Significance of these findings
This study has unveiled the impressive efficacy of self-assembled sEV-encapsulated siRNA, which exhibited potent interference on EGFR protein with only 1/2000000 of the synthetic transfection amount. This revelation indicate that the endogenously processed sEV-encapsulated siRNAs seamlessly function within recipient cells at physiological levels, while the accumulation of supraphysiological levels of synthetic siRNAs in normal cells may cause cytotoxicity. Therefore, the in vivo self-assembled siRNA delivery strategy is not only effective at a quite low siRNA concentration in tumor cells, but also exhibit better biosafety to somatic cells than synthetic siRNAs.
The off-target activity of siRNAs can lead to unforeseen phenotypes and compromise the therapeutic advantages of siRNAs. This study meticulously assessed the off-target risks of in vivo self-assembled EGFR siRNAs through transcriptomic sequencing. No statistically significant enrichment for perfect matches between the EGFR siRNA seed region and 3’-UTRs of downregulated transcripts was observed in normal tissues. In tumor tissue, gene ontology (GO) enrichment analysis revealed that most of the top GO terms were closely associated with EGFR signaling. The data indicates that the off-target effects in normal tissues are minimal compared to the on-target effects observed in tumor cells.
Regarding the potential risks associated with saturation of the endogenous miRNA machinery by exogenous siRNAs, analysis of miR-122 target genes post in vivo self-assembled siRNA treatment revealed only 13 significant changes among 1566 potential targets. The majority of miR-122 targets exhibited similar expression patterns compared with untreated group. These data indicate that in vivo self-assembled EGFR siRNAs are present at appropriate physiological levels and have little chance of causing hepatotoxicity through perturbations in the intrinsic miRNA pathways.

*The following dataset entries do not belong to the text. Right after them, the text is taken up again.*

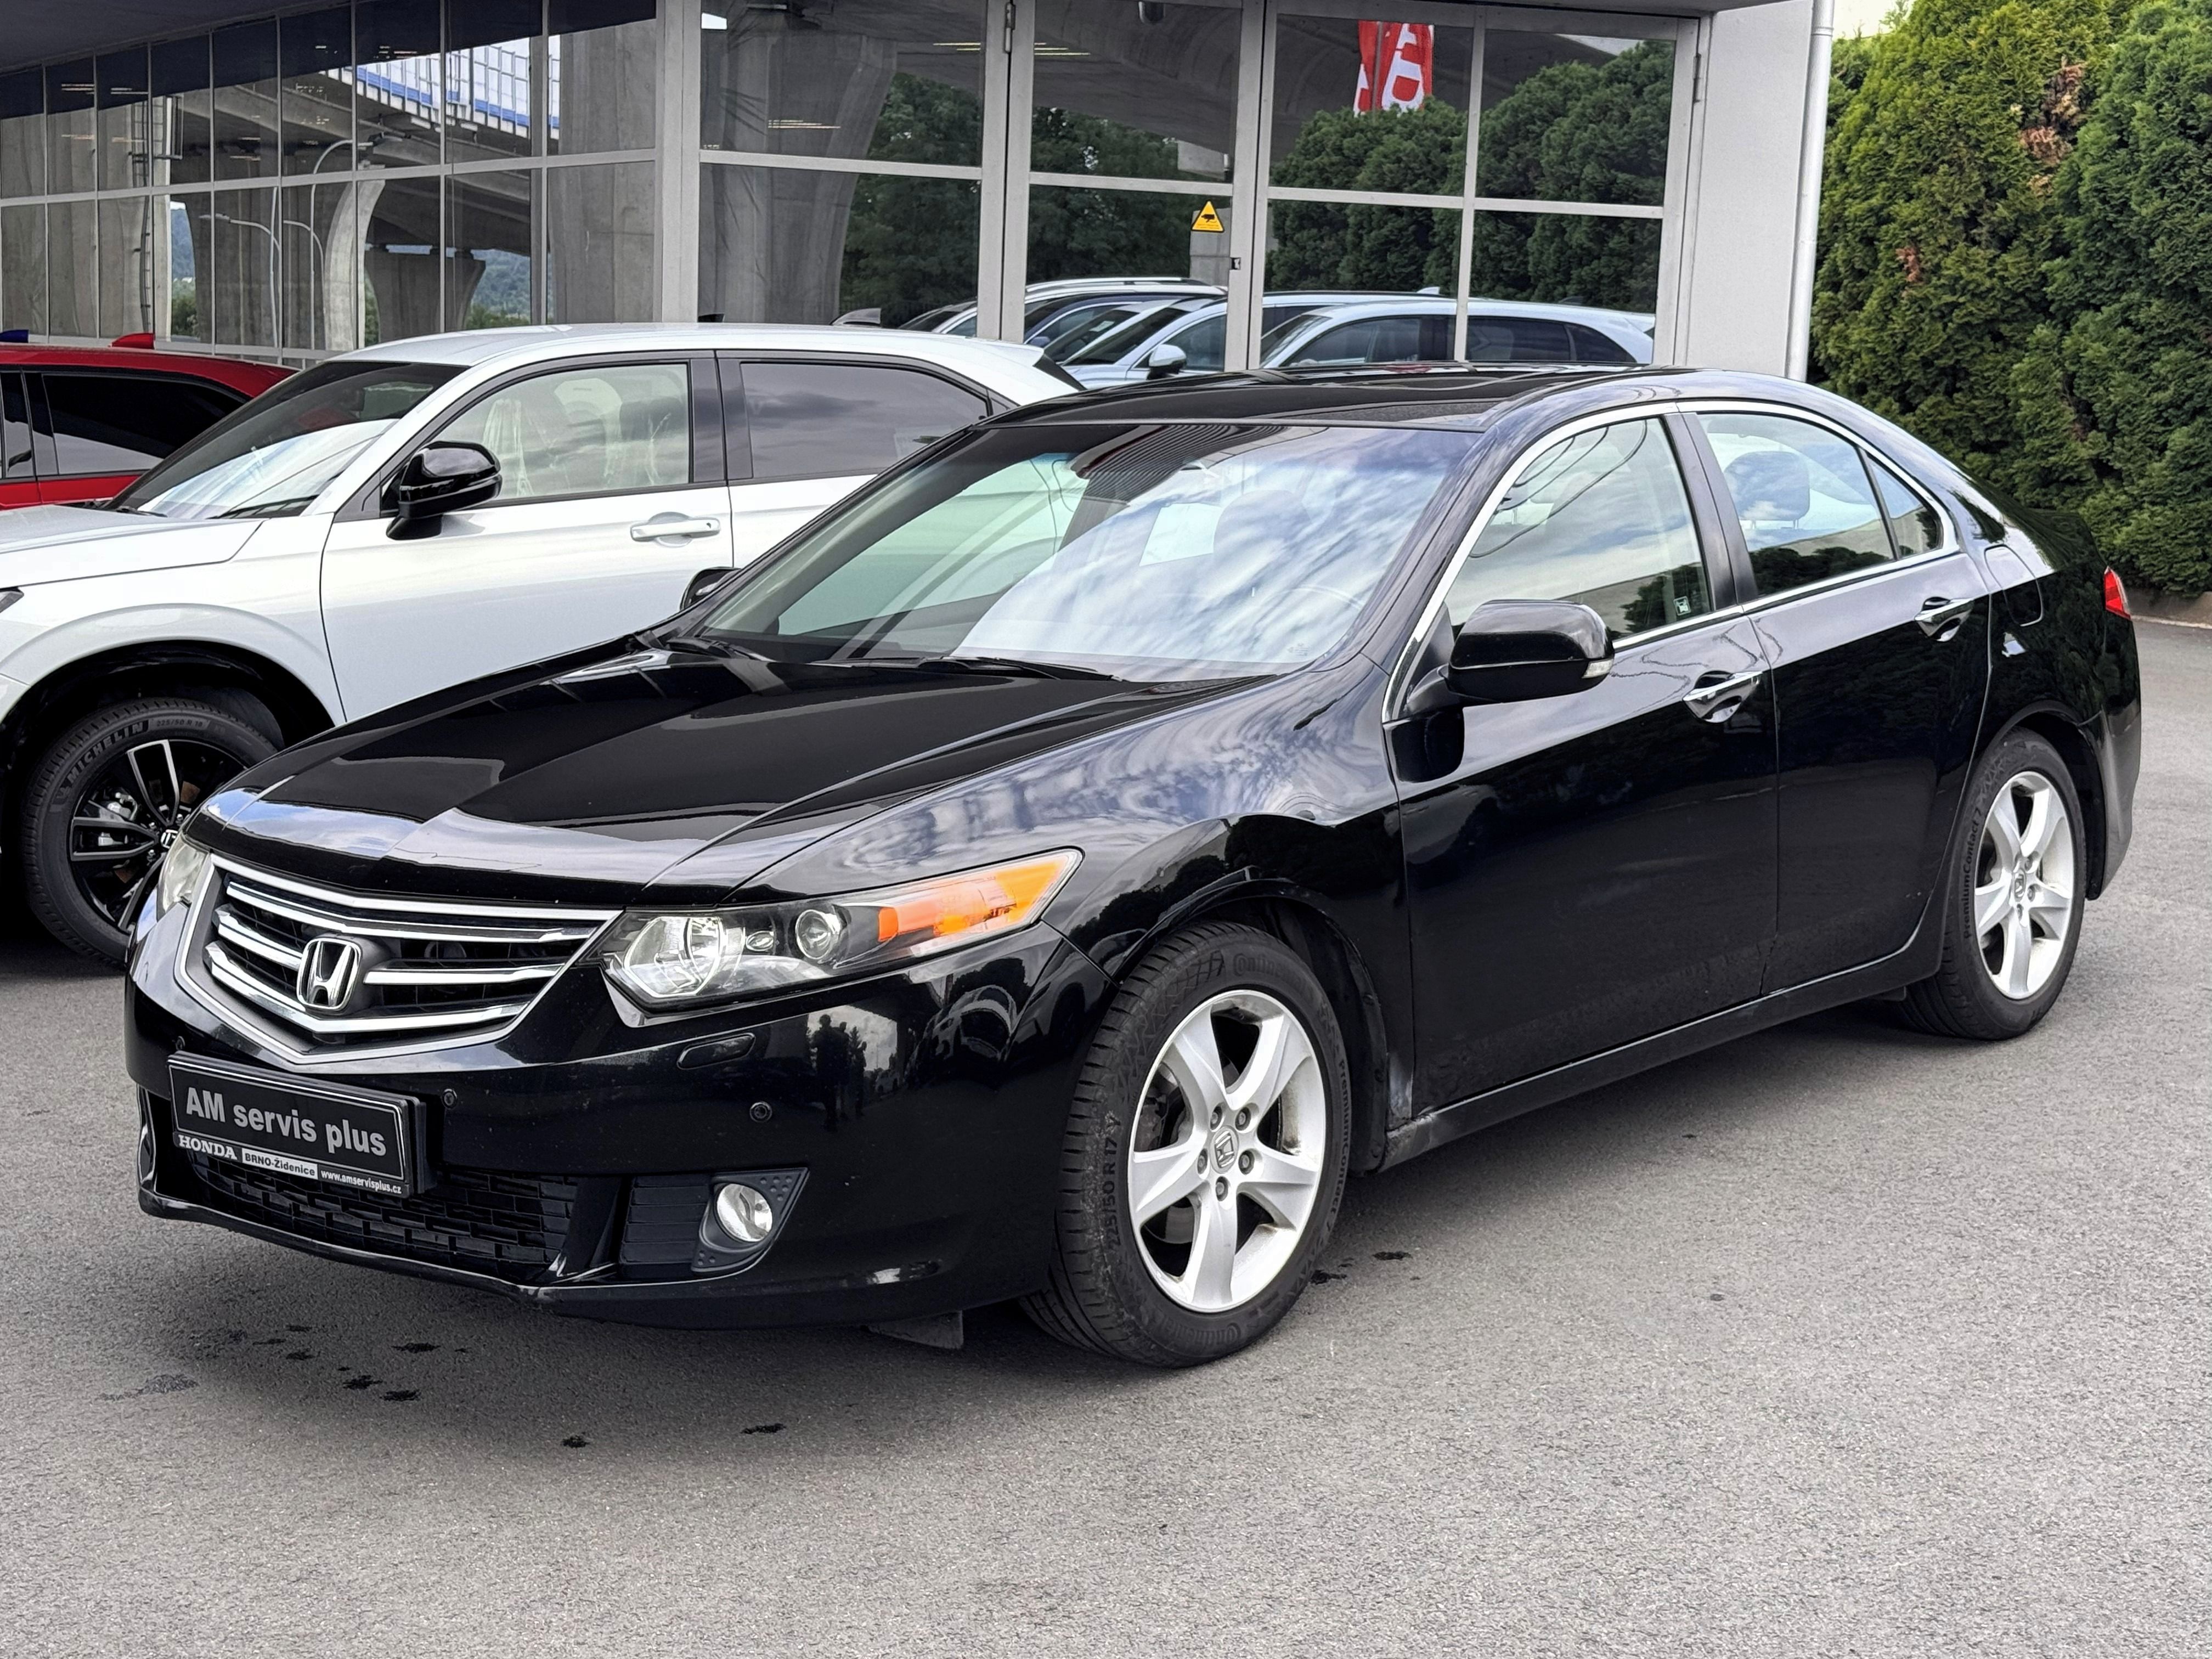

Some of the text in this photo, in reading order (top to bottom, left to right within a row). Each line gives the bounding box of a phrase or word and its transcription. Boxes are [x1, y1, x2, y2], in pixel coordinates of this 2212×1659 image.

[66, 721, 144, 782] MICHELIN
[156, 719, 185, 727] 225/50
[186, 1086, 386, 1156] AM servis plus
[1103, 1137, 1118, 1155] 17
[178, 1135, 402, 1194] HONDA BRNO-Židenice www.amservisplus.cz
[1102, 1161, 1116, 1175] R
[1102, 1181, 1121, 1250] 225/50

Overall, this study signifies a novel direction for RNAi therapy, holding significant implications for the clinical adoption of the in vivo self-assembling siRNA delivery system. In contrast to conventional gene therapy, this method demonstrates high specificity with minimal off-target risks and no toxic side effects. Additionally, the study offers new insights for assessing established and non-established side effects in the development of in vivo siRNA therapy for diverse genes.